3 FORMULAÇÕES SOBRE A CONSTITUIÇÃO DA PERSONALIDADE E SEUS

3.3 A teoria do trauma e a etiologia das neuroses no pensamento de Freud

No início de sua obra, Freud (1896) escreveu um artigo chamado Hereditariedade e a Etiologia das Neuroses, trabalho no qual afirma que a neurose é tanto produto de fatos adquiridos, logo, vivenciados, quanto consequência de aspectos herdados hereditariamente. Para explicar as causas herdadas da chamada ‘patologia nervosa’, Freud distingue a ‘hereditariedade similar’ da ‘hereditariedade dissimilar’.

Na primeira, não é possível verificar indícios de outra influência etiológica acessória além dos aspectos herdados, e os membros da família apresentam sempre a mesma patologia. Já na hereditariedade dissimilar é possível identificar a presença das mais diversas patologias nervosas em outros membros da mesma família, sem que seja possível identificar a lei que favorece o desenvolvimento de uma patologia ou de outra. Porém, Freud notou que alguns membros não adoeciam, o que o fez supor que o fator hereditário não é determinante no desenvolvimento da neurose.

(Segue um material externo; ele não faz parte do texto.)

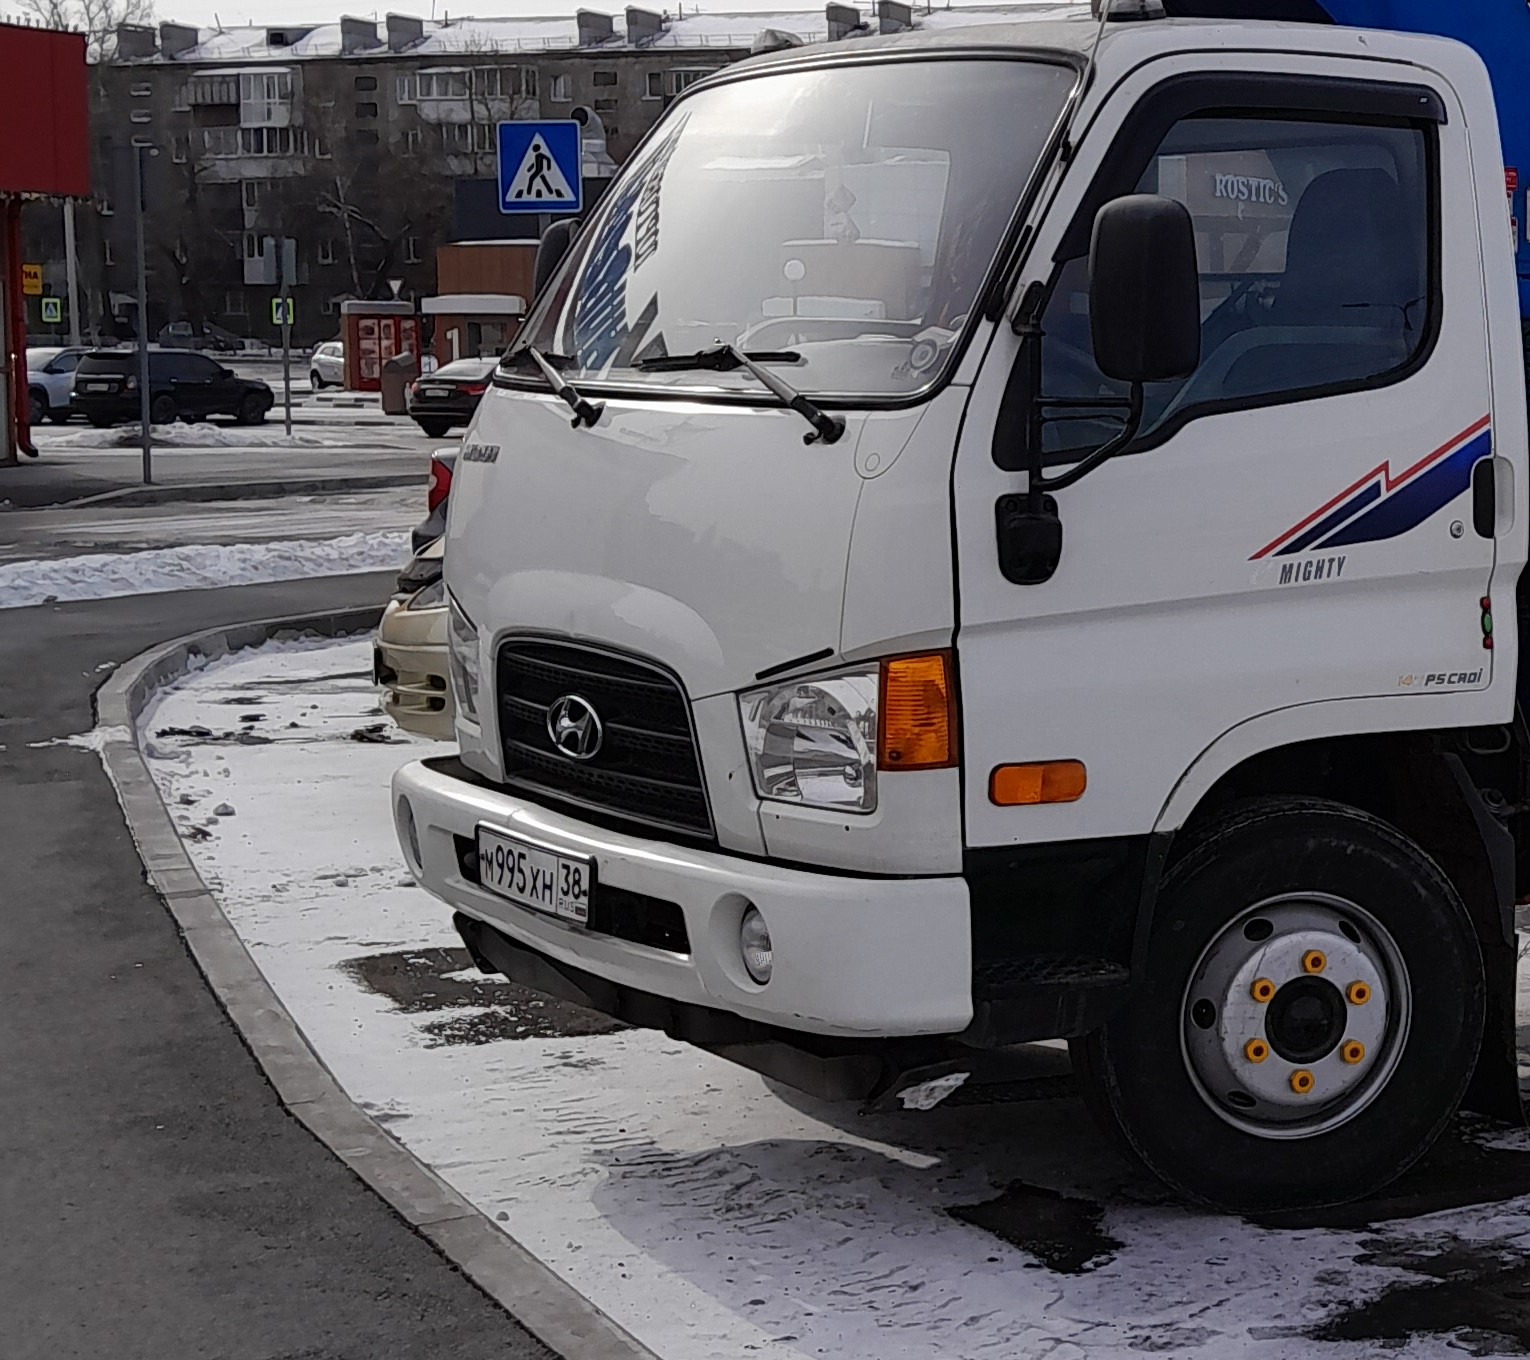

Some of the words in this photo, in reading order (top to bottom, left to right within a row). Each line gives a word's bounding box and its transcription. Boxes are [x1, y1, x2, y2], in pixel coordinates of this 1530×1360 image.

Ainda no mesmo texto, Freud, para fazer menção aos eventos que influenciam o desencadeamento da doença em indivíduos pré-dispostos devido à sua constituição hereditária, propõe que os fatores etiológicos das neuroses sejam agrupados em três categorias: precondições, causas concorrentes e causas específicas. O termo ‘precondição’ refere-se à influência da hereditariedade na etiologia das doenças nervosas. Sua natureza é universal, sendo possível encontrá- la igualmente em muitas patologias. A ‘causa específica’ diz respeito àqueles eventos que diretamente concorrem para o adoecimento do indivíduo e sem os quais não poderia emergir a doença – esta sim, determinante para o surgimento da neurose. Já as ‘causas concorrentes’ são aqueles eventos ambientais que colaboram para o desencadeamento da neurose, porém a sua presença não é indispensável para o surgimento da patologia. Intoxicação, exaustão física e acidentes traumáticos são as principais causas concorrentes citadas por Freud.

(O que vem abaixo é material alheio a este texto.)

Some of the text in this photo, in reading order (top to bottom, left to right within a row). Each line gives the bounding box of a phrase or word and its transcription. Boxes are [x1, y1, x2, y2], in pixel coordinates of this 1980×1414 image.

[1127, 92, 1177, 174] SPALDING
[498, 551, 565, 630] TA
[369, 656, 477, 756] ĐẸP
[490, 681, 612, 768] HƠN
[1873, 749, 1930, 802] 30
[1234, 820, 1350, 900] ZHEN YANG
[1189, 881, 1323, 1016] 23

Além da importância histórica de ter sido o primeiro texto em que Freud utilizou o termo ‘Psicanálise’, é também nesse artigo que ele apresenta sua teoria da sedução para elucidar a etiologia das neuroses. Diz Freud (1896; p. 174):

Esse agente é, de fato, uma lembrança relacionada à vida sexual, mas que apresenta duas características de máxima importância. O

evento do qual o sujeito reteve uma lembrança inconsciente é uma experiência precoce de relações sexuais com excitação real dos órgãos genitais, resultante de abuso sexual cometido por outra pessoa; e o período da vida em que ocorre esse evento fatal é a infância - até a idade de 8 ou 10 anos, antes que a criança tenha atingido a maturidade sexual.

Uma experiência sexual passiva antes da puberdade: eis, portanto, a etiologia específica da histeria. (grifos do autor)

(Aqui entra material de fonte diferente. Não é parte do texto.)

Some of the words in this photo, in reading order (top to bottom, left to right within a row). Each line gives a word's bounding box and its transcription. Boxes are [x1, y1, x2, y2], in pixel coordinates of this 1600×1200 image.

Desta forma, Freud assevera que as causas concorrentes apenas seriam patogênicas sobre a histeria por despertarem a lembrança infantil inconsciente do evento traumático.

Mesmo entendendo que o fator hereditário era indispensável na ocorrência dos casos graves de psiconeurose, Freud considera que apenas a presença deste fator é insuficiente para produzir doenças mentais, sendo estritamente necessária a ocorrência de causas específicas, ou seja, a estimulação sexual precoce.

Porém, no ano seguinte, em 1897, com a célebre frase "não acredito mais na minha neurótica [teoria das neuroses]" (Freud, 1892-99/1986, p. 259), ele dá início ao abandono da teoria do trauma e inicia o desenvolvimento da concepção de que a sedução não precisa de fato ocorrer para que ideias ligadas a ela passem a desempenhar papel fundamental na organização libidinal do neurótico. Essa mudança dá origem, assim, à teoria da fantasia.

Freud entendia que aqueles sujeitos que mantêm defesas mais maduras (como a repressão, isolamento, formação reativa), e que têm algum nível de dissociação, podem ser considerados pacientes neuróticos, pacientes esses que frequentemente fantasiavam envolvimentos sexuais com adultos próximos. Mas o fato é que esse quadro se distancia muito dos pacientes que, como mencionamos acima, apresentam fragilidade do ego, ausência de controle dos impulsos, carência de canais sublimatórios, desvios em direção ao processo psíquico primário e operações defensivas primitivas como dissociação, idealização, identificação

projetiva, negação e desvalorização. Ou seja, uma dinâmica mental muito mais precária e próxima da psicose.

Considerando essas evidências, podemos sustentar a possibilidade de que, nos casos em que a violência efetivamente ocorreu, a personalidade tende a se organizar de forma menos neurótica e mais fronteiriça.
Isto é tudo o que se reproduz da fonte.